(Dataset entries)
[Start of Attachment]

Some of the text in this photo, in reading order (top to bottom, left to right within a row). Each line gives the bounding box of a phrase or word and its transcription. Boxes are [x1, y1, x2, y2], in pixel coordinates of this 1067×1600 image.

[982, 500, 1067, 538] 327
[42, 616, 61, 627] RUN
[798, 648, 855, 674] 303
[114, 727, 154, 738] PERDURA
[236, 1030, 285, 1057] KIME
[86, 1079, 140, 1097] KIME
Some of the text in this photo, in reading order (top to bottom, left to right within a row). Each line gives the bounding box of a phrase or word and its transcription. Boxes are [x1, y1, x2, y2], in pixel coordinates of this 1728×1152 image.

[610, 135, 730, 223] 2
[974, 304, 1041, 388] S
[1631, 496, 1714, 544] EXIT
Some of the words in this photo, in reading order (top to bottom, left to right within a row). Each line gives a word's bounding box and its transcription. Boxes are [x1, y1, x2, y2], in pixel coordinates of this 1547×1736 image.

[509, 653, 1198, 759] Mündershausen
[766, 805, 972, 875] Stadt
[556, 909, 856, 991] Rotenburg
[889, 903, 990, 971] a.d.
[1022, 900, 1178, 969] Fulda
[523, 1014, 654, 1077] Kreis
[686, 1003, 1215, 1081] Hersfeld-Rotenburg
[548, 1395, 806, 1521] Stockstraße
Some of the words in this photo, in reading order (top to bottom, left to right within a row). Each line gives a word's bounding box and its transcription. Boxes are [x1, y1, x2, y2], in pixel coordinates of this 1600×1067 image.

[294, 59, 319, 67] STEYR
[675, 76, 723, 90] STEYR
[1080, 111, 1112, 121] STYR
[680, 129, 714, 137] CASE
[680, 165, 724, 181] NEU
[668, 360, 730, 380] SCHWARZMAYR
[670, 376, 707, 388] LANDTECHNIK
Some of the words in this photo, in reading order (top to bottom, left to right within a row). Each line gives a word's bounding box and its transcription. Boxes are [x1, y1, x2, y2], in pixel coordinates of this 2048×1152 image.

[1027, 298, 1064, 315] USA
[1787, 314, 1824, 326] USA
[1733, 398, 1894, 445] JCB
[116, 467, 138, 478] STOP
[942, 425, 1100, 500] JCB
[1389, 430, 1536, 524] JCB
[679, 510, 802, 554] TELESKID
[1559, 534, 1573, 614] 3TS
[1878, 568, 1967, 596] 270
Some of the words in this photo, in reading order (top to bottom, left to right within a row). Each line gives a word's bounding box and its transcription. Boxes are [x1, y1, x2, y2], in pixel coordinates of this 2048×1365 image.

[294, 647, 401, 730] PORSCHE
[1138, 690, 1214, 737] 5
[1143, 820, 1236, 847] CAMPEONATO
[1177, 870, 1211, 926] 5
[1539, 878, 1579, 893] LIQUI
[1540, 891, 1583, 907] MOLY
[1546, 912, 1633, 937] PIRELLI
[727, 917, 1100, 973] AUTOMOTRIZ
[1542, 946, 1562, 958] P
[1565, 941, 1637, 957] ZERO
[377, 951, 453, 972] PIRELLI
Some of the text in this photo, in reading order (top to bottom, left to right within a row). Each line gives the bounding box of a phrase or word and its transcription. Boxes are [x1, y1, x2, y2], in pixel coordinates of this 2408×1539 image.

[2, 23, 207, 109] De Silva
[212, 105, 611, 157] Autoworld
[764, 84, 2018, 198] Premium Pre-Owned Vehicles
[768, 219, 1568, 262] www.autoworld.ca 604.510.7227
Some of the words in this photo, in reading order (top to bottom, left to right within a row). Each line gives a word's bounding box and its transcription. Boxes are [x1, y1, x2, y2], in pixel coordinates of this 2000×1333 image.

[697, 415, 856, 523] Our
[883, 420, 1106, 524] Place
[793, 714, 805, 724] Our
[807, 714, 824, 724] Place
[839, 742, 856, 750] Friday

[End of Attachment]

## [Exercise]
Please make the answer a complete, exact reproduction of the records.

## [Answer space]
Some of the text in this photo, in reading order (top to bottom, left to right within a row). Each line gives the bounding box of a phrase or word and its transcription. Boxes are [x1, y1, x2, y2], in pixel coordinates of this 1067×1600 image.

[982, 500, 1067, 538] 327
[42, 616, 61, 627] RUN
[798, 648, 855, 674] 303
[114, 727, 154, 738] PERDURA
[236, 1030, 285, 1057] KIME
[86, 1079, 140, 1097] KIME
Some of the text in this photo, in reading order (top to bottom, left to right within a row). Each line gives the bounding box of a phrase or word and its transcription. Boxes are [x1, y1, x2, y2], in pixel coordinates of this 1728×1152 image.

[610, 135, 730, 223] 2
[974, 304, 1041, 388] S
[1631, 496, 1714, 544] EXIT
Some of the words in this photo, in reading order (top to bottom, left to right within a row). Each line gives a word's bounding box and its transcription. Boxes are [x1, y1, x2, y2], in pixel coordinates of this 1547×1736 image.

[509, 653, 1198, 759] Mündershausen
[766, 805, 972, 875] Stadt
[556, 909, 856, 991] Rotenburg
[889, 903, 990, 971] a.d.
[1022, 900, 1178, 969] Fulda
[523, 1014, 654, 1077] Kreis
[686, 1003, 1215, 1081] Hersfeld-Rotenburg
[548, 1395, 806, 1521] Stockstraße
Some of the words in this photo, in reading order (top to bottom, left to right within a row). Each line gives a word's bounding box and its transcription. Boxes are [x1, y1, x2, y2], in pixel coordinates of this 1600×1067 image.

[294, 59, 319, 67] STEYR
[675, 76, 723, 90] STEYR
[1080, 111, 1112, 121] STYR
[680, 129, 714, 137] CASE
[680, 165, 724, 181] NEU
[668, 360, 730, 380] SCHWARZMAYR
[670, 376, 707, 388] LANDTECHNIK
Some of the words in this photo, in reading order (top to bottom, left to right within a row). Each line gives a word's bounding box and its transcription. Boxes are [x1, y1, x2, y2], in pixel coordinates of this 2048×1152 image.

[1027, 298, 1064, 315] USA
[1787, 314, 1824, 326] USA
[1733, 398, 1894, 445] JCB
[116, 467, 138, 478] STOP
[942, 425, 1100, 500] JCB
[1389, 430, 1536, 524] JCB
[679, 510, 802, 554] TELESKID
[1559, 534, 1573, 614] 3TS
[1878, 568, 1967, 596] 270
Some of the words in this photo, in reading order (top to bottom, left to right within a row). Each line gives a word's bounding box and its transcription. Boxes are [x1, y1, x2, y2], in pixel coordinates of this 2048×1365 image.

[294, 647, 401, 730] PORSCHE
[1138, 690, 1214, 737] 5
[1143, 820, 1236, 847] CAMPEONATO
[1177, 870, 1211, 926] 5
[1539, 878, 1579, 893] LIQUI
[1540, 891, 1583, 907] MOLY
[1546, 912, 1633, 937] PIRELLI
[727, 917, 1100, 973] AUTOMOTRIZ
[1542, 946, 1562, 958] P
[1565, 941, 1637, 957] ZERO
[377, 951, 453, 972] PIRELLI
Some of the text in this photo, in reading order (top to bottom, left to right within a row). Each line gives the bounding box of a phrase or word and its transcription. Boxes are [x1, y1, x2, y2], in pixel coordinates of this 2408×1539 image.

[2, 23, 207, 109] De Silva
[212, 105, 611, 157] Autoworld
[764, 84, 2018, 198] Premium Pre-Owned Vehicles
[768, 219, 1568, 262] www.autoworld.ca 604.510.7227
Some of the words in this photo, in reading order (top to bottom, left to right within a row). Each line gives a word's bounding box and its transcription. Boxes are [x1, y1, x2, y2], in pixel coordinates of this 2000×1333 image.

[697, 415, 856, 523] Our
[883, 420, 1106, 524] Place
[793, 714, 805, 724] Our
[807, 714, 824, 724] Place
[839, 742, 856, 750] Friday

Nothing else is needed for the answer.